[Source information Boundary: Start]

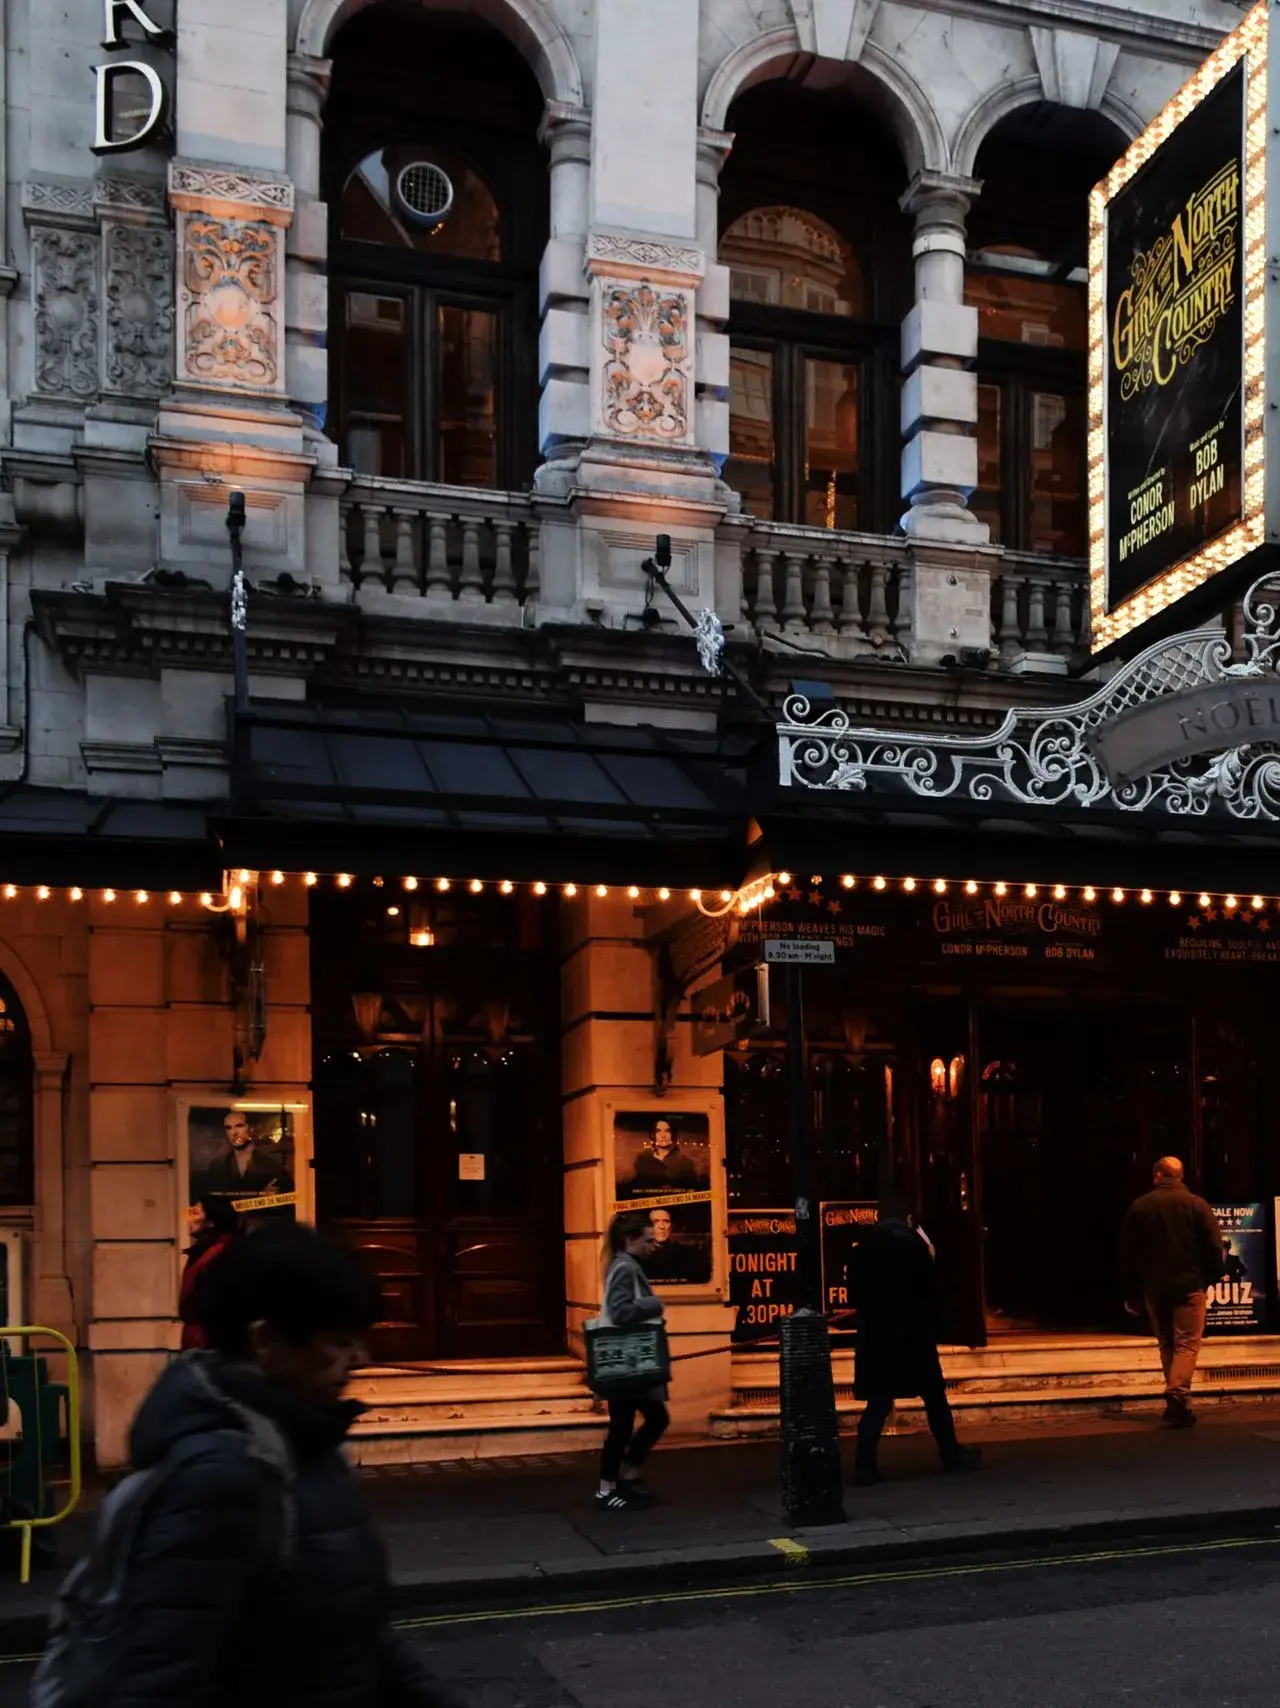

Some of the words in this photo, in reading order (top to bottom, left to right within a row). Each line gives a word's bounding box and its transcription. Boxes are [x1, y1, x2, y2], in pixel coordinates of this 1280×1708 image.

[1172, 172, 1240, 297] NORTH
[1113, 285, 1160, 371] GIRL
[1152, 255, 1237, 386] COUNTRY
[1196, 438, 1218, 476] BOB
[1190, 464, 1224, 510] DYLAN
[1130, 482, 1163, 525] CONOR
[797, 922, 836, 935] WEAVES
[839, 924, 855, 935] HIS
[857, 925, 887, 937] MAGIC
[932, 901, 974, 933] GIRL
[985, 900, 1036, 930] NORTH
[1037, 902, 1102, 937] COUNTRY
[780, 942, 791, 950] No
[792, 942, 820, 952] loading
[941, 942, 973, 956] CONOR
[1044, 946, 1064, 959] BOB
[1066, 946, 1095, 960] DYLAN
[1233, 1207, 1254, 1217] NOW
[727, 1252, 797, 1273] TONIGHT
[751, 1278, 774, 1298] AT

[Source information Boundary: End]

All records above must be copied exactly, though the pictures they hold are to be left out.

Some of the words in this photo, in reading order (top to bottom, left to right within a row). Each line gives a word's bounding box and its transcription. Boxes are [x1, y1, x2, y2], in pixel coordinates of this 1280×1708 image.

[1172, 172, 1240, 297] NORTH
[1113, 285, 1160, 371] GIRL
[1152, 255, 1237, 386] COUNTRY
[1196, 438, 1218, 476] BOB
[1190, 464, 1224, 510] DYLAN
[1130, 482, 1163, 525] CONOR
[797, 922, 836, 935] WEAVES
[839, 924, 855, 935] HIS
[857, 925, 887, 937] MAGIC
[932, 901, 974, 933] GIRL
[985, 900, 1036, 930] NORTH
[1037, 902, 1102, 937] COUNTRY
[780, 942, 791, 950] No
[792, 942, 820, 952] loading
[941, 942, 973, 956] CONOR
[1044, 946, 1064, 959] BOB
[1066, 946, 1095, 960] DYLAN
[1233, 1207, 1254, 1217] NOW
[727, 1252, 797, 1273] TONIGHT
[751, 1278, 774, 1298] AT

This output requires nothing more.